» What to do: Every entry below should be reproduced exactly; no picture is to be included.

» Records supplied:
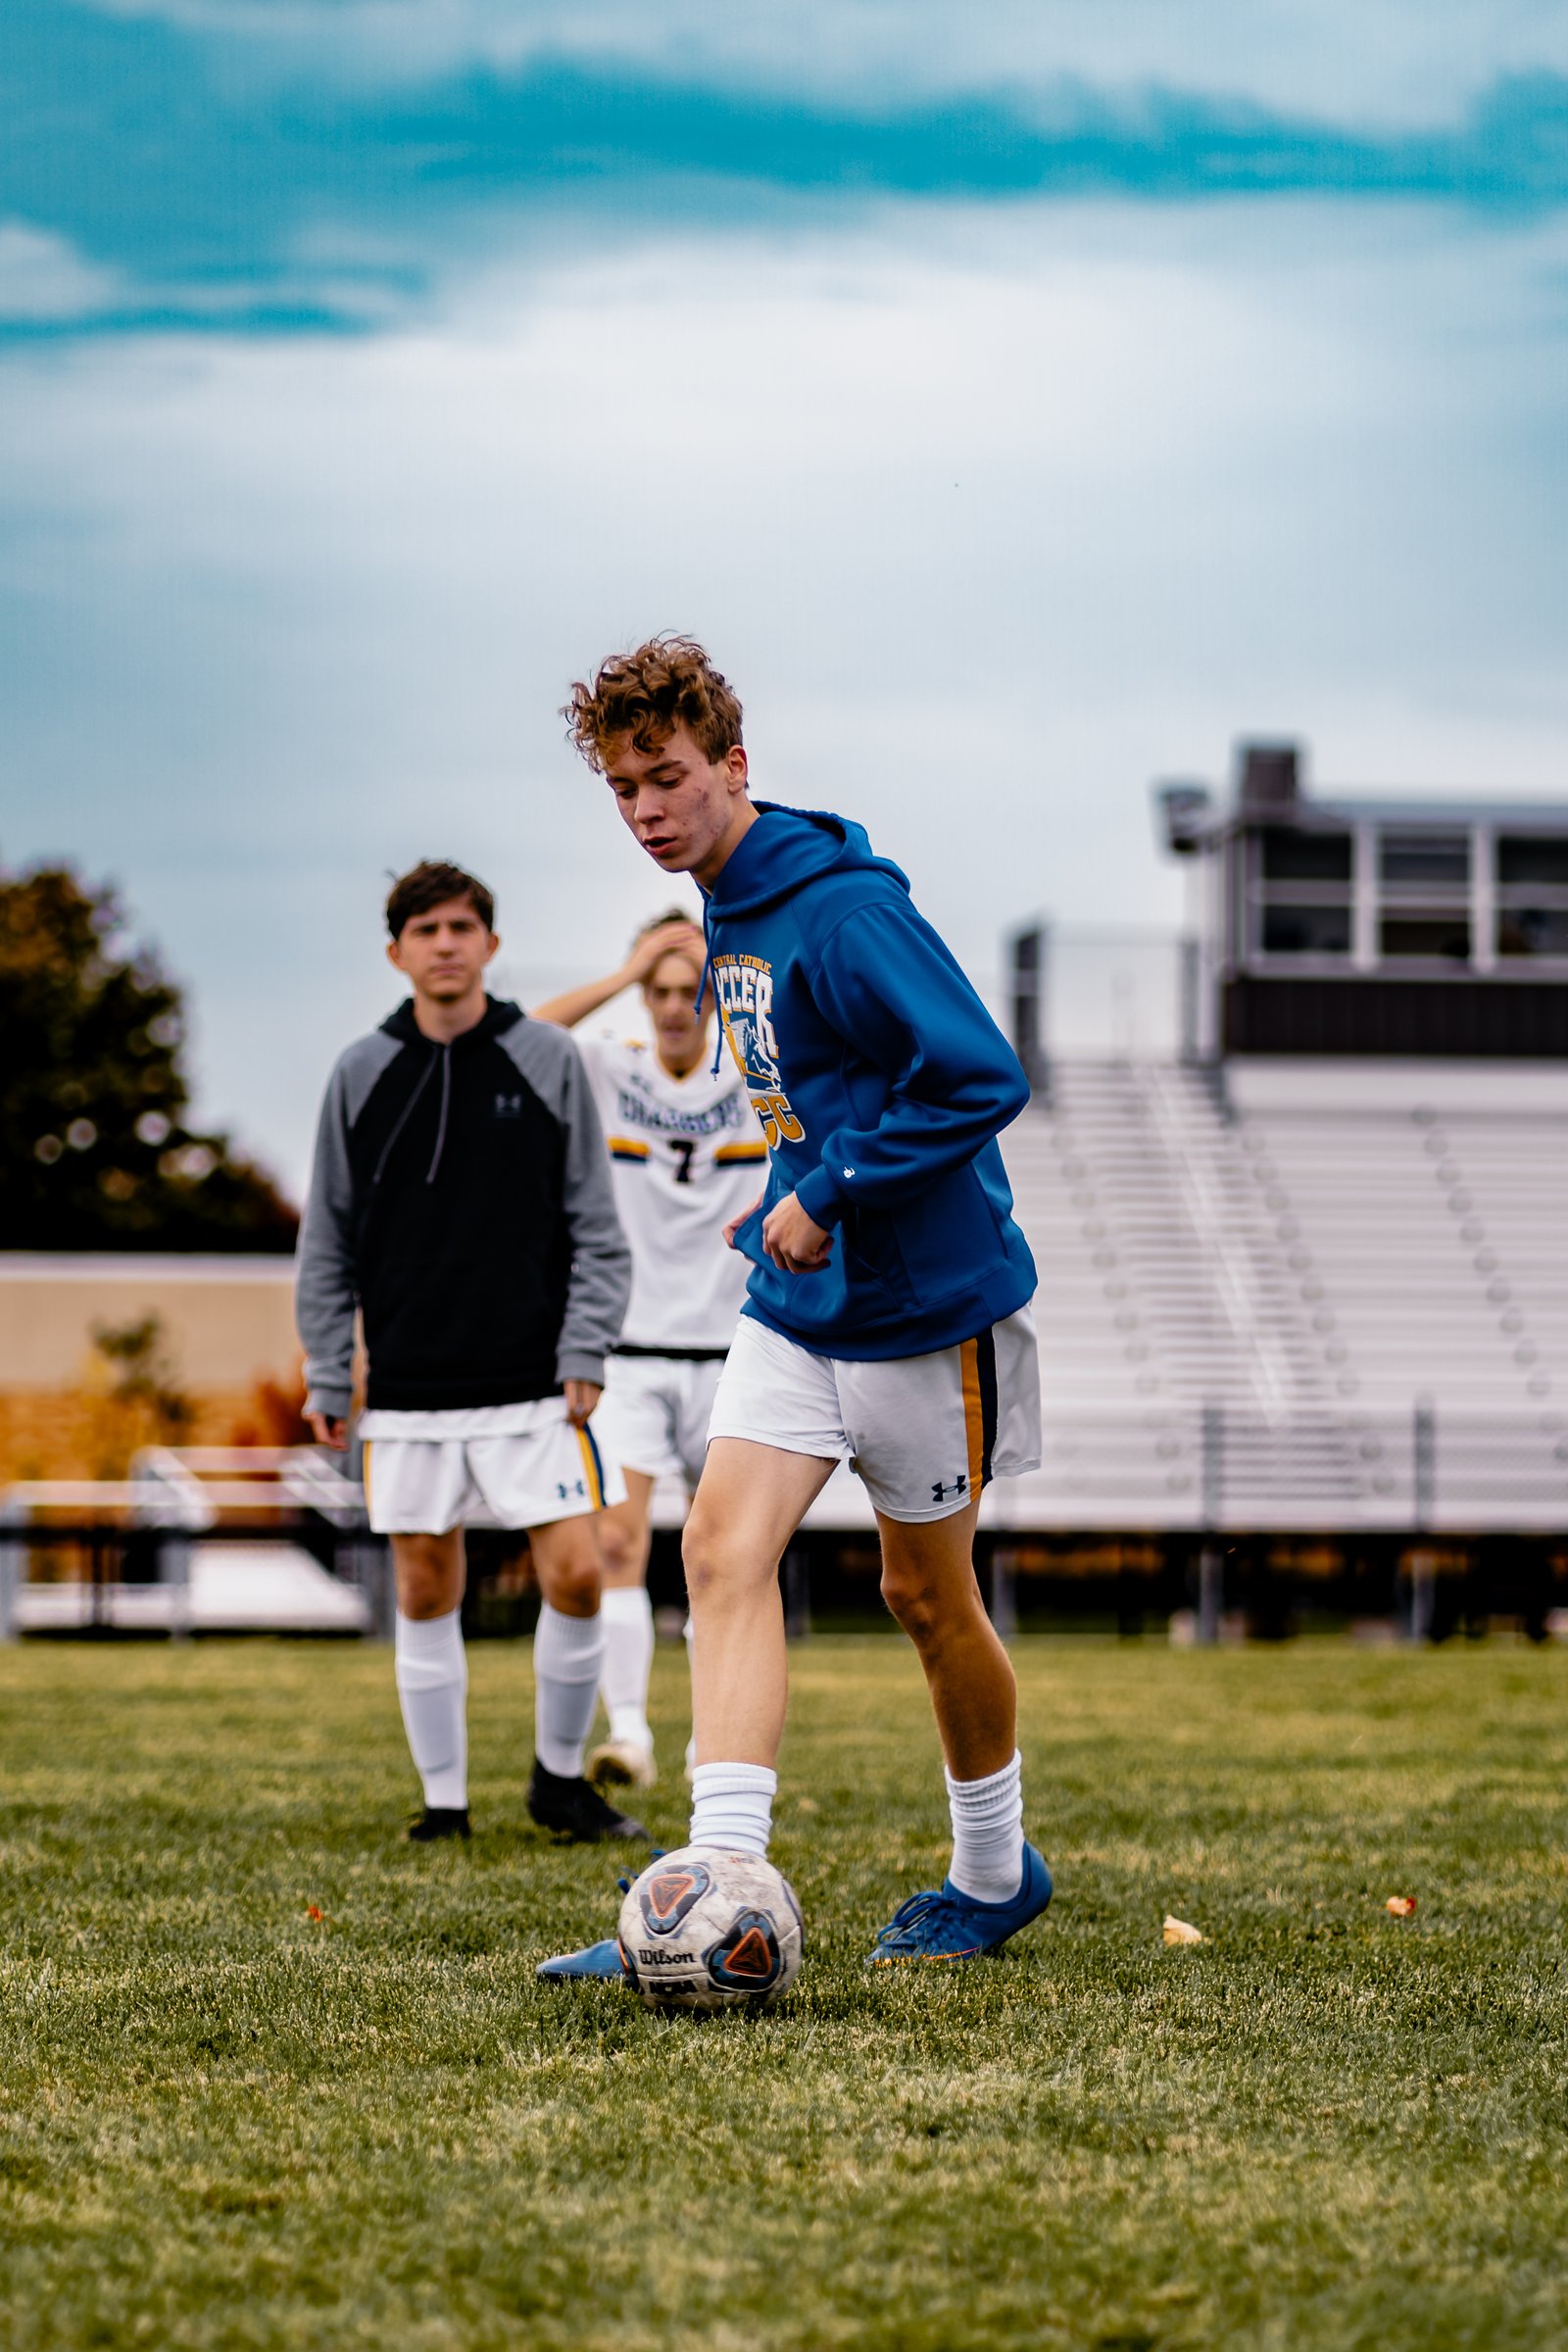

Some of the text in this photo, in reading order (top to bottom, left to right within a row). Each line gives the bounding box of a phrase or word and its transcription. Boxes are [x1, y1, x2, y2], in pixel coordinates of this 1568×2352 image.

[712, 954, 772, 976] CENTRAL CATHOLIC
[713, 965, 779, 1059] CCER
[667, 1139, 695, 1183] 7
[638, 1949, 697, 1965] Wilson

» The answer:
Some of the text in this photo, in reading order (top to bottom, left to right within a row). Each line gives the bounding box of a phrase or word and its transcription. Boxes are [x1, y1, x2, y2], in pixel coordinates of this 1568×2352 image.

[712, 954, 772, 976] CENTRAL CATHOLIC
[713, 965, 779, 1059] CCER
[667, 1139, 695, 1183] 7
[638, 1949, 697, 1965] Wilson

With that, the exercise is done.